Resveratrol induces DNA damage-mediated cancer cell senescence through the DLC1-DYRK1A-EGFR axis.

Abstract

Inducing cell senescence is widely regarded as a potent tumor suppression mechanism. Resveratrol has attracted increasing attention for its capacity to prevent and suppress cancer. However, the mechanism of resveratrol on the induction of cancer cell senescence has not been well clarified. Our results showed that resveratrol inhibited cell viability and colony formation and promoted cell senescence along with augmentation of SA-β-gal activity and modulation of senescence-associated molecular markers p53, p21 and LaminB protein in breast and liver cancer cells.
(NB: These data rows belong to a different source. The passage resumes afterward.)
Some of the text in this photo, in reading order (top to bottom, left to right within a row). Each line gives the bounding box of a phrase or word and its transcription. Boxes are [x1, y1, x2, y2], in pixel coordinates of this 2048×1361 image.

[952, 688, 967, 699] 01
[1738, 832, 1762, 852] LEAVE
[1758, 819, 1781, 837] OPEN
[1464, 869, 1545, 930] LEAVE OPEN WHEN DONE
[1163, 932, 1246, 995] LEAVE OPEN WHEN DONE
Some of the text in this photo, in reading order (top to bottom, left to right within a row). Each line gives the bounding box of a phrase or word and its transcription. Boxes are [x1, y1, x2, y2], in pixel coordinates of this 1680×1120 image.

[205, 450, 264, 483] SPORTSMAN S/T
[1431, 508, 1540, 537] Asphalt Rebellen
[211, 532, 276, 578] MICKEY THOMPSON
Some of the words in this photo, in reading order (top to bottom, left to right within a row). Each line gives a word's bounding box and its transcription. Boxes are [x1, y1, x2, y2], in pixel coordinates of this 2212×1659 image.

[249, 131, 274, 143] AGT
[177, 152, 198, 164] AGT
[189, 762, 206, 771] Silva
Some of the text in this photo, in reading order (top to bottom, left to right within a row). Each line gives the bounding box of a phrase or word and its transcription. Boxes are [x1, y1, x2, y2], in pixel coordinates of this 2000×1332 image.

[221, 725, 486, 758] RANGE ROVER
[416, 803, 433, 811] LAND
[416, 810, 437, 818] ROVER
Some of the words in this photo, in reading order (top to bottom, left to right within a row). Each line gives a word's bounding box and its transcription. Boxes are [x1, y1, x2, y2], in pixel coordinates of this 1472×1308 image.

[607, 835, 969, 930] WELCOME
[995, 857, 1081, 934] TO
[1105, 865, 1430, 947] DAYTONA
The underlying mechanism was that resveratrol increased ROS generation to enhance tumor suppressor gene DLC1 expression, and DLC1 further inhibited the DYRK1A-EGFR axis to trigger DNA damage accompanied by up-regulation of the DNA double strand break marker protein γH2AX and down-regulation of the DNA repair related proteins p-BRCA1 and RAD51, eventually leading to cancer cell senescence. Resveratrol also effectively inhibited the volume of transplanted tumor with increased SA-β-gal activity and DLC1 level in a chicken embryo allantoic membrane xenograft tumor model. This is the first report to investigate whether resveratrol induces DNA damage-mediated cancer cell senescence through the DLC1-DYRK1A-EGFR axis, which could provide a solid base for resveratrol's application in cancer prevention and clinical treatment as a food additive or adjuvant therapies.